The records below are to be copied exactly, with every picture left out.

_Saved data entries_
[Start of section]
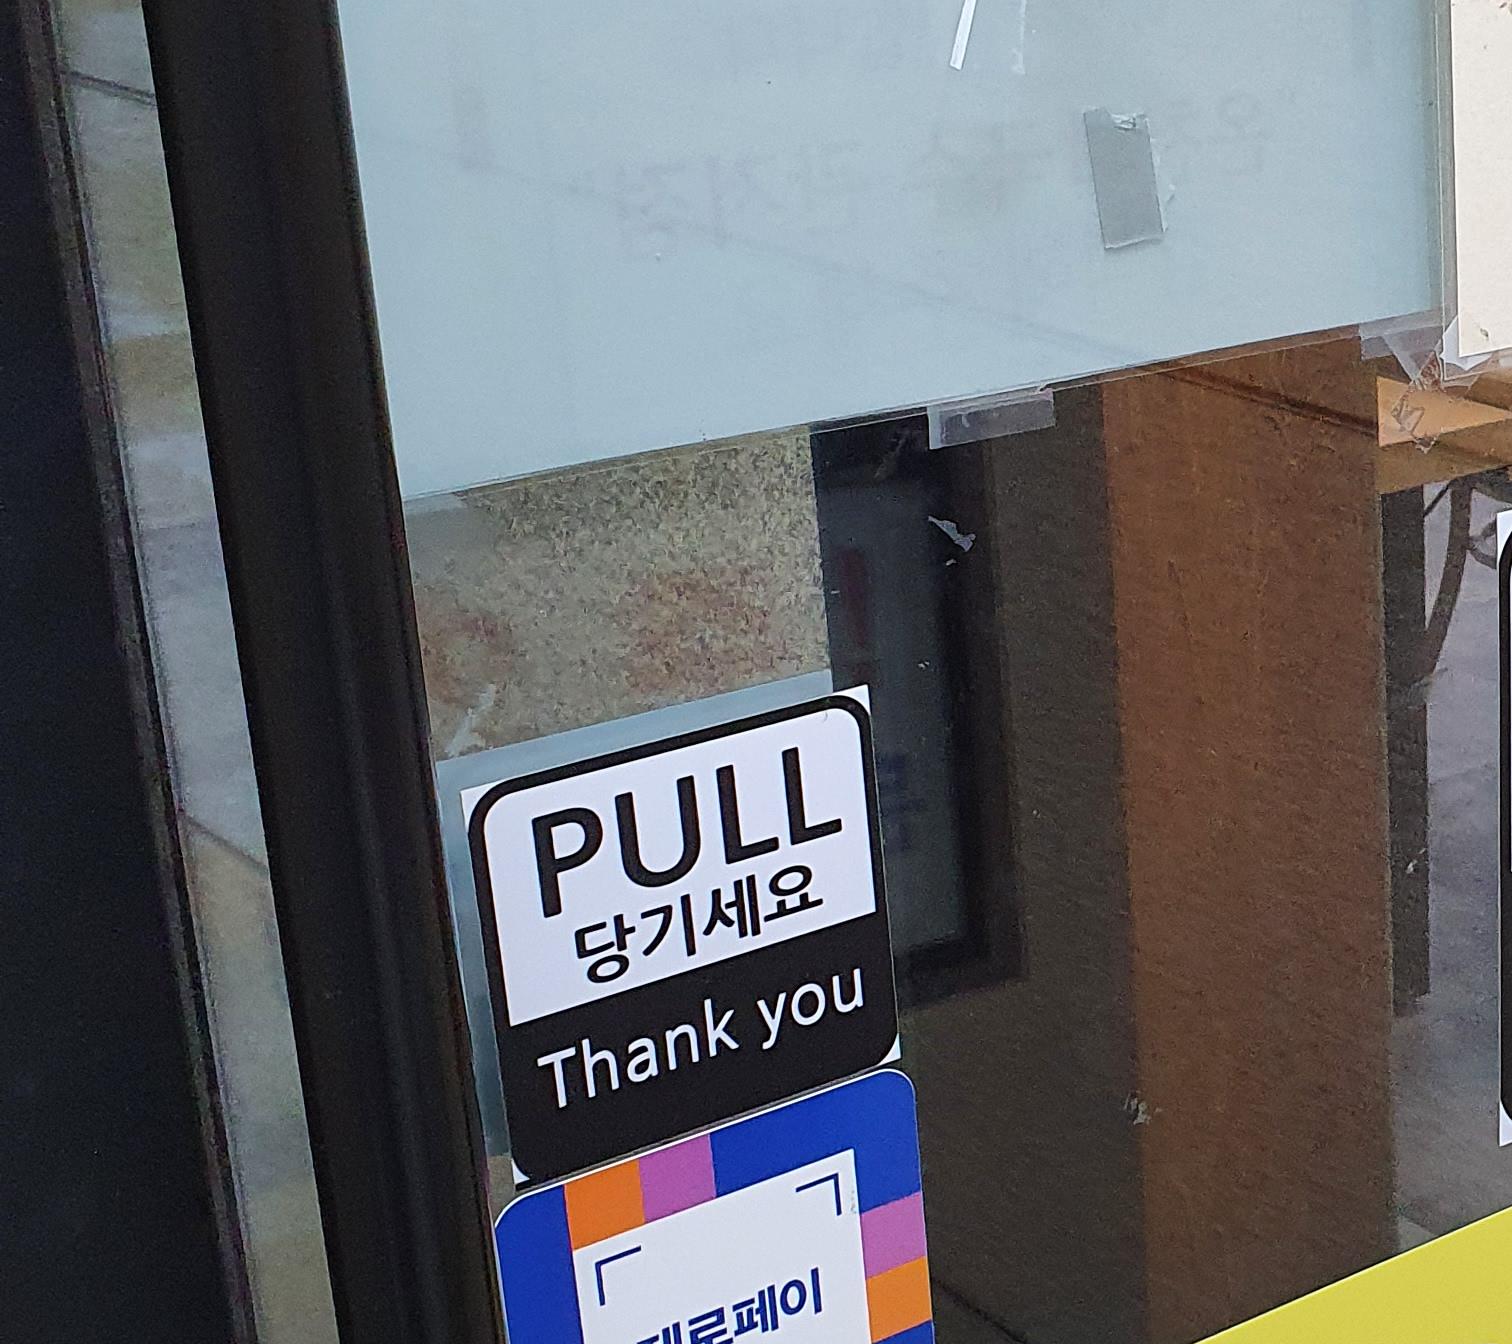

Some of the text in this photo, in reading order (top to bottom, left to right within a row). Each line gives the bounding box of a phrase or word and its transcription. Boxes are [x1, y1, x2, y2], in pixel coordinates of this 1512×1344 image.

[531, 747, 842, 918] PULL
[574, 865, 823, 983] 당기세요
[537, 968, 863, 1108] Thank you
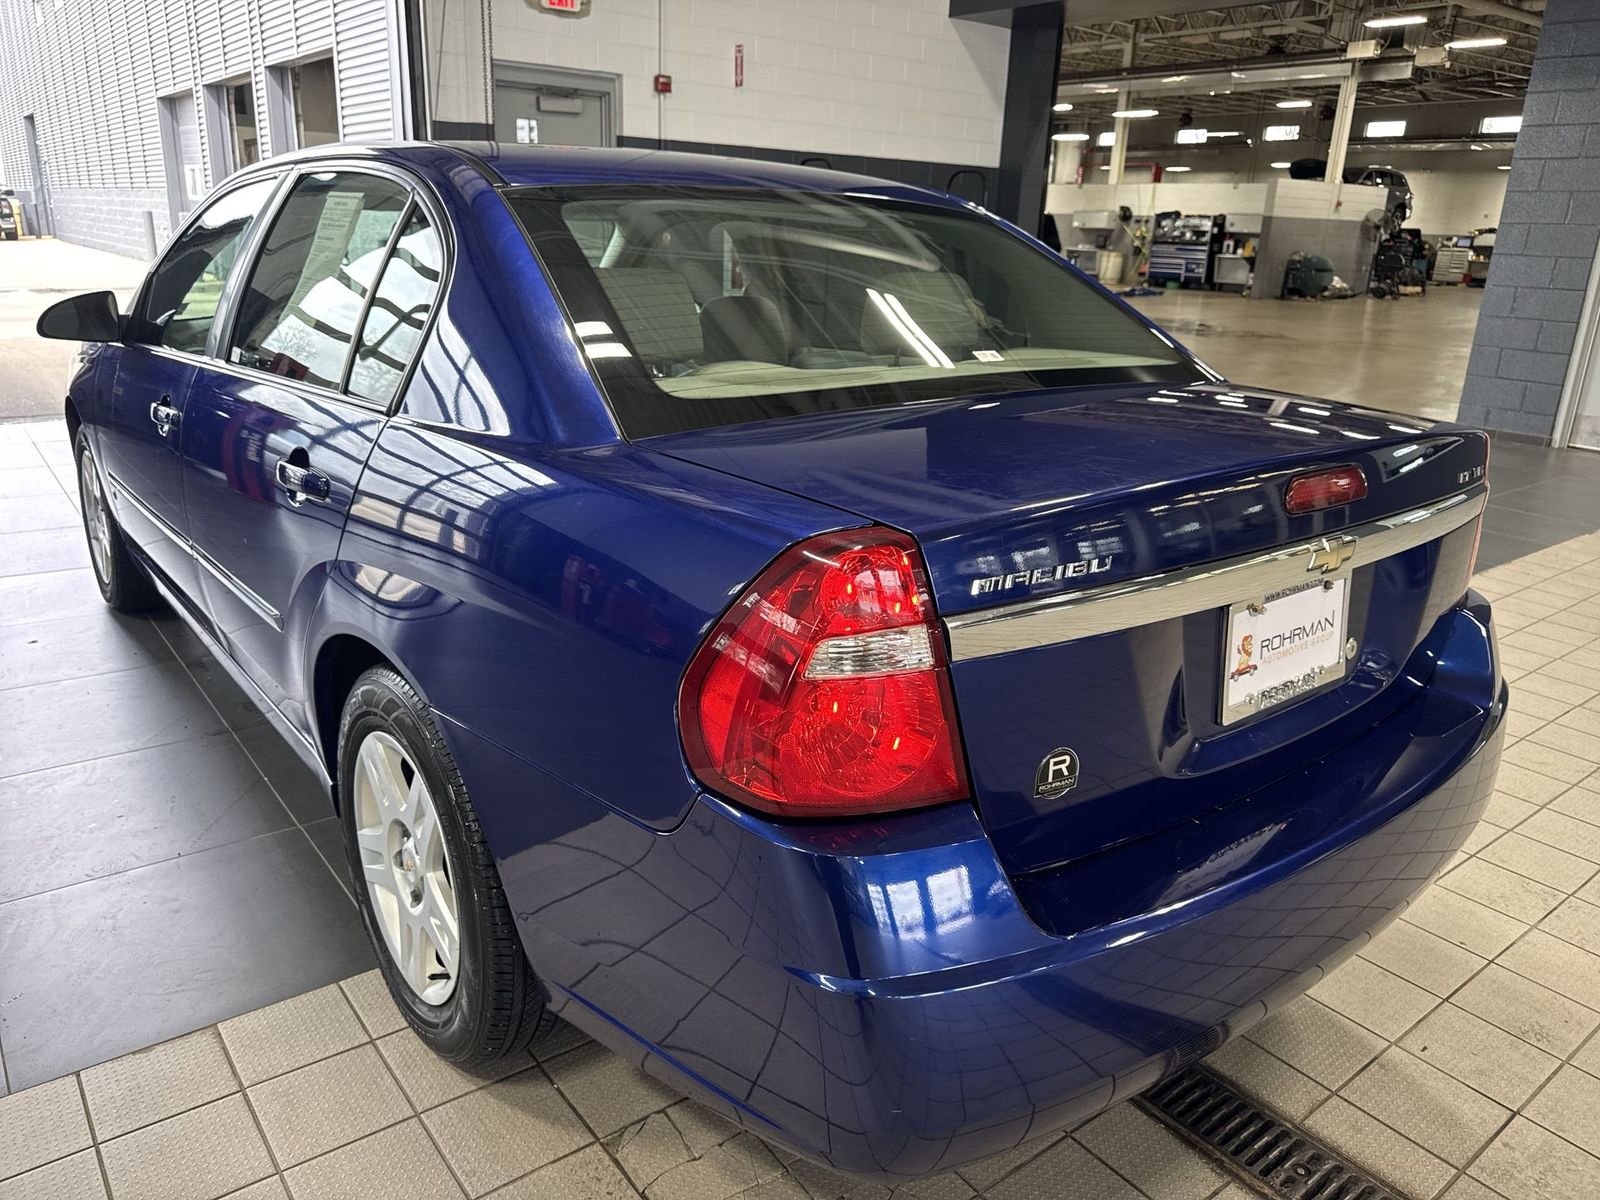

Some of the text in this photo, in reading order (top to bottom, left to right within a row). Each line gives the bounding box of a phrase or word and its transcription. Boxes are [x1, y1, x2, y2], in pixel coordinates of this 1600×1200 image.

[971, 556, 1112, 596] MALIBU
[1260, 609, 1335, 660] ROHRMAN
[1262, 630, 1335, 664] AUTOMOTIVE GROUP
[1038, 777, 1075, 792] ROHRMAN
[1048, 755, 1071, 783] R
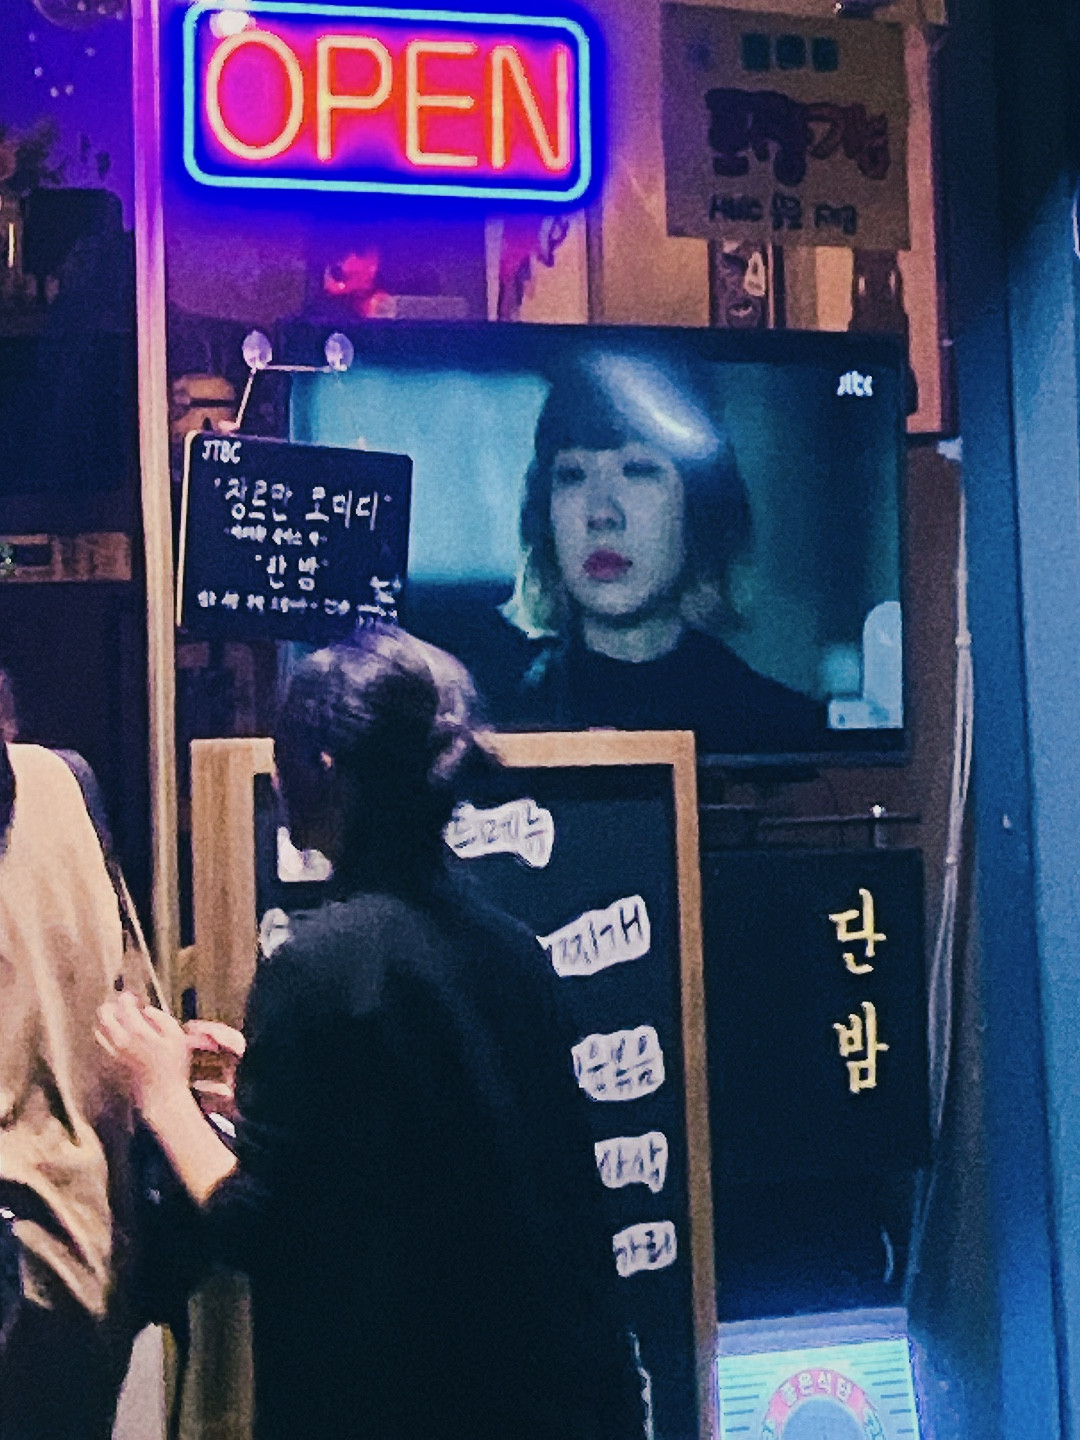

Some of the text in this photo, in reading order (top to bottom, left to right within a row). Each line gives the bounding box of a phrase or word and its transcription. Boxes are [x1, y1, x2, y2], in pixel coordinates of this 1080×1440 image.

[206, 29, 572, 171] OPEN
[201, 439, 242, 465] JTBC
[828, 887, 890, 1094] 단밤
[End of section]
_Solution to this task_
Some of the text in this photo, in reading order (top to bottom, left to right within a row). Each line gives the bounding box of a phrase or word and its transcription. Boxes are [x1, y1, x2, y2], in pixel coordinates of this 1512×1344 image.

[531, 747, 842, 918] PULL
[574, 865, 823, 983] 당기세요
[537, 968, 863, 1108] Thank you

Some of the text in this photo, in reading order (top to bottom, left to right within a row). Each line gives the bounding box of a phrase or word and its transcription. Boxes are [x1, y1, x2, y2], in pixel coordinates of this 1600×1200 image.

[971, 556, 1112, 596] MALIBU
[1260, 609, 1335, 660] ROHRMAN
[1262, 630, 1335, 664] AUTOMOTIVE GROUP
[1038, 777, 1075, 792] ROHRMAN
[1048, 755, 1071, 783] R

Some of the text in this photo, in reading order (top to bottom, left to right within a row). Each line gives the bounding box of a phrase or word and its transcription. Boxes are [x1, y1, x2, y2], in pixel coordinates of this 1080×1440 image.

[206, 29, 572, 171] OPEN
[201, 439, 242, 465] JTBC
[828, 887, 890, 1094] 단밤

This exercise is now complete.